Top of Material provided

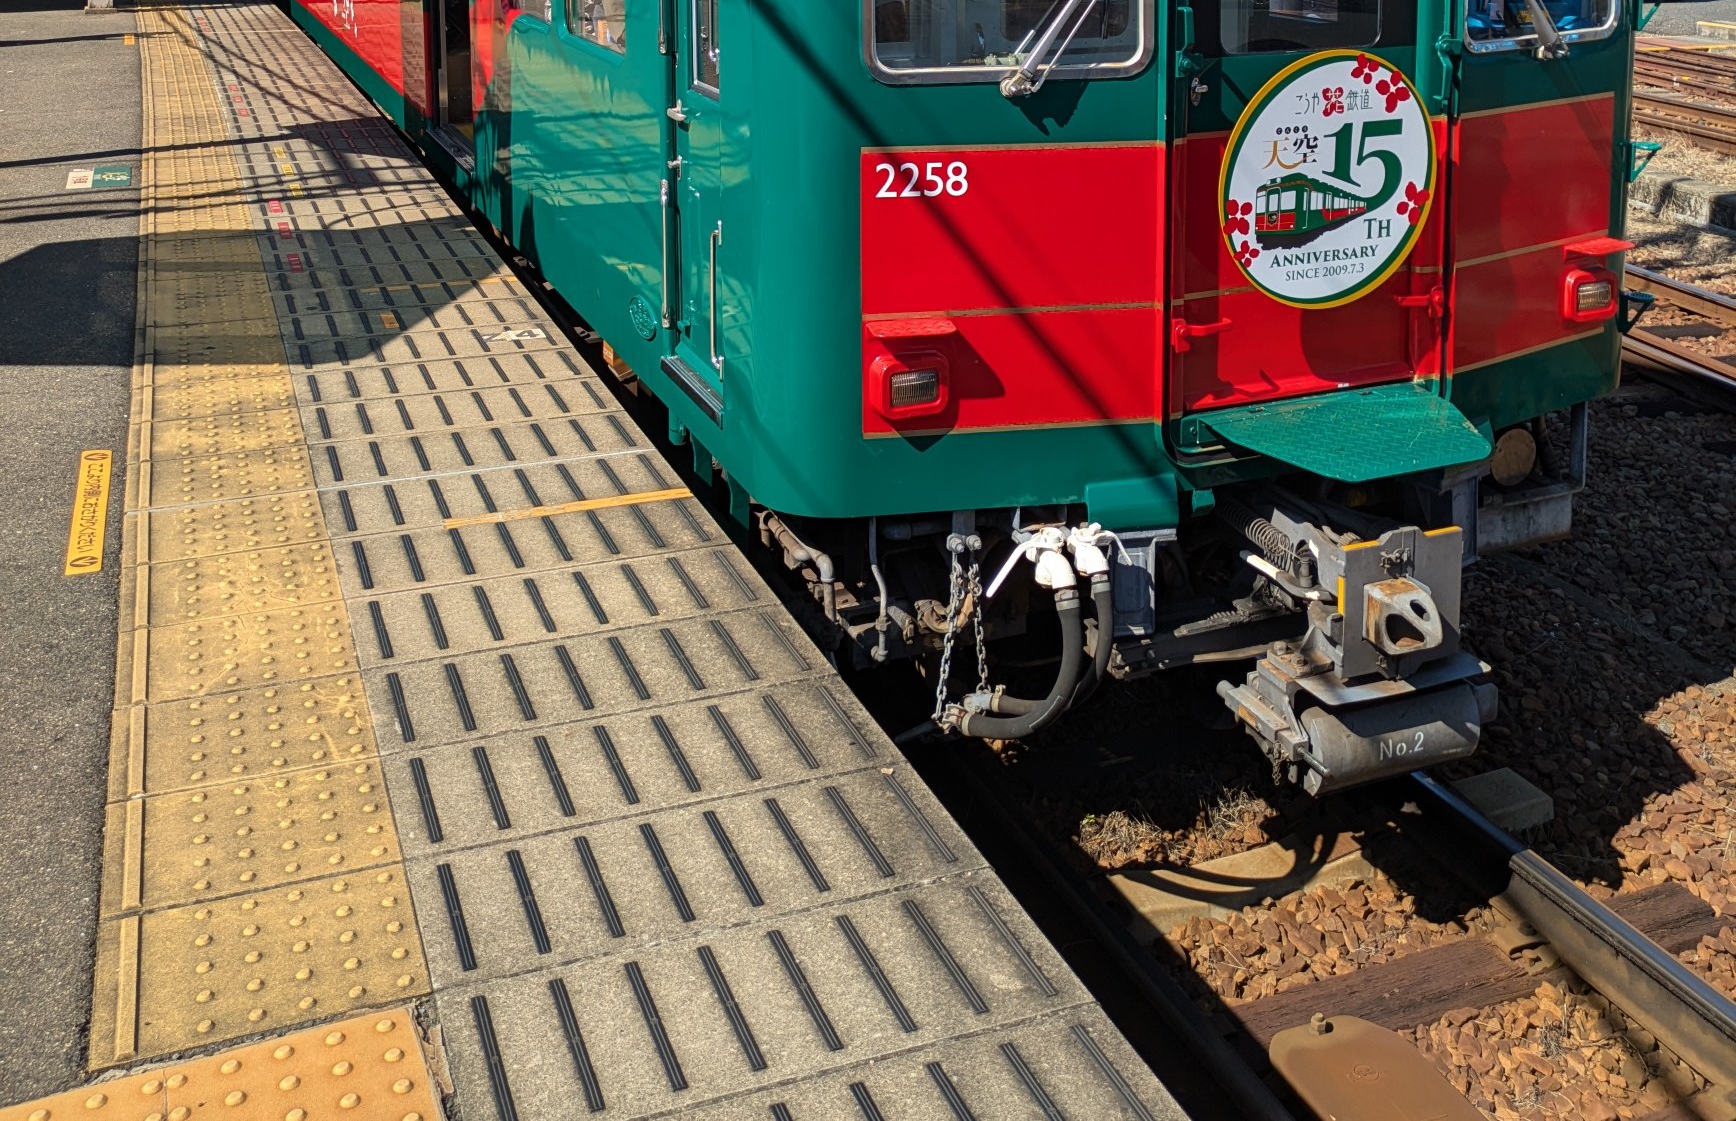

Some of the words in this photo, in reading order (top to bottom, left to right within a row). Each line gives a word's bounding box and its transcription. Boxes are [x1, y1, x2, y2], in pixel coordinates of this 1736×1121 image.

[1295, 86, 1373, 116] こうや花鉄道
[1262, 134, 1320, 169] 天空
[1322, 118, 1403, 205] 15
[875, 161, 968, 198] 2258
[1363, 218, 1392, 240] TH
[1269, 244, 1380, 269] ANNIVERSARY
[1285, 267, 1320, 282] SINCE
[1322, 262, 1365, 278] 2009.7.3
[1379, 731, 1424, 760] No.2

Bottom of Material provided

▸ What you have to do
Give the entries above again word for word, without the pictures.

▸ Reply to the exercise
Some of the words in this photo, in reading order (top to bottom, left to right within a row). Each line gives a word's bounding box and its transcription. Boxes are [x1, y1, x2, y2], in pixel coordinates of this 1736×1121 image.

[1295, 86, 1373, 116] こうや花鉄道
[1262, 134, 1320, 169] 天空
[1322, 118, 1403, 205] 15
[875, 161, 968, 198] 2258
[1363, 218, 1392, 240] TH
[1269, 244, 1380, 269] ANNIVERSARY
[1285, 267, 1320, 282] SINCE
[1322, 262, 1365, 278] 2009.7.3
[1379, 731, 1424, 760] No.2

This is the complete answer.